Reporting outside the 30-day period

  1. If a tax practitioner does not comply with the 30-day notification period, they must still report the breach. This is because the breach reporting obligations not only require that the breach be reported to the TPB, and applicable RPA (where relevant), but also that it be reported within the specified 30-day timeframe.
  2. When reporting the breach, the tax practitioner must give reasons for the delay in notifying the breach and support their claim with appropriate evidence and facts. The TPB will take this information into account when assessing the report and determining the appropriate compliance action to take. We will consider any extenuating circumstances or relevant factors that give rise to the delay. 
  3. As the 30-day notification period runs from the day the tax practitioner has, or ought to have, reasonable grounds for believing a significant breach has occurred, and not 30 days from the date of the breach, tax practitioners should be well positioned to report on time.
  4. It is important that tax practitioners keep us informed of any issues that are or may adversely impact on their registration. Transparency and cooperation can support early resolution of issues.
     

Who to notify

Notifying the TPB

  1. If a registered tax practitioner has reasonable grounds to believe that they, or another registered tax practitioner, have breached the Code, and the breach is a significant breach, they must notify the TPB.
  2. Notification must be made using the:
  3. The TPB will acknowledge receipt of the report and consider its merits in line with the law supporting the breach reporting obligations and our compliance approach (refer to paragraphs 169 to 174 of this draft Information Sheet). Lodging a report and obtaining acknowledgment of receipt does not confirm that we will commence a formal investigation or take any compliance action in relation to the report. Each report will be considered on a case-by-case basis.
  4. Further information about the details the TPB requires tax practitioners to provide when reporting significant breaches of the Code, will be published on the TPB website when the guidance is finalised.
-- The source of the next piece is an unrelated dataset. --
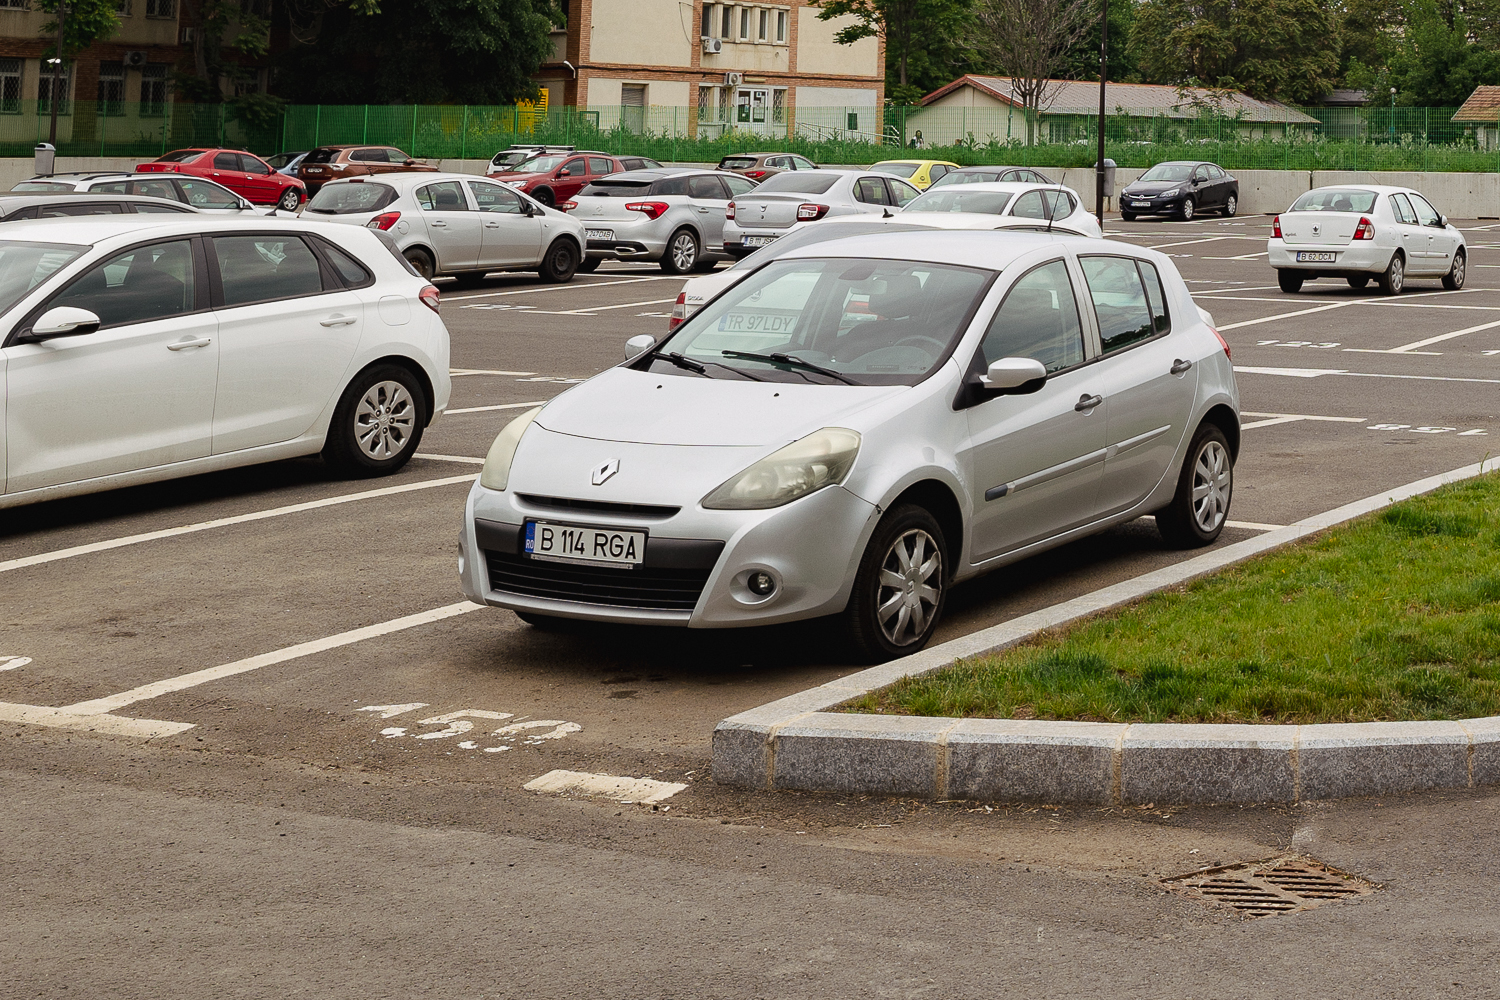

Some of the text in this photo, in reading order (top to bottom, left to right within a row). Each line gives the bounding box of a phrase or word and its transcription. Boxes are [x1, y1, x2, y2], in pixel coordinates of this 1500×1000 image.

[1318, 253, 1332, 261] DCA
[729, 315, 745, 330] TR
[1256, 339, 1341, 349] 123
[540, 527, 637, 560] B 114 RGA
Notifying recognised professional associations

  1. If a registered tax practitioner has reasonable grounds to believe that another practitioner has breached the Code and it is a significant breach, and the other practitioner is a member of a professional association recognised by the TPB under the TASR, they must notify that association of the breach in writing. 
  2. Professional associations are accredited by the TPB as either ‘recognised tax agent associations’ or ‘recognised BAS agent associations’, collectively referred to as RPAs.
  3. The obligation to notify the RPA only applies if the registered tax practitioner is ‘aware’ of the other tax practitioner’s membership with the RPA. This will be the case if the tax practitioner has knowledge that the other practitioner is a member of an RPA or could obtain this knowledge by making reasonable enquiries. 
  4. The TPB expects registered tax practitioners to take reasonable steps and to make reasonable enquiries to establish whether the other tax practitioner is a member of a RPA.
  5. The TPB provides information on RPAs, including a list of RPAs that are accredited by the TPB.
  6. The TPB Register may include information about whether a registered tax practitioner is a member of an RPA. Tax practitioners are encouraged to review and update their details on the register. However, the TPB does not generally verify RPA membership details. 
  7. Tax practitioners who are considering reporting Code breaches to an RPA, may wish to make additional enquiries, including with the relevant RPA, to confirm membership. In some cases, the RPA website may provide a list of members. 
  8. Breaches must be notified in writing. Registered tax practitioners should contact the relevant RPA to find out how to notify them of the breach and what information they require.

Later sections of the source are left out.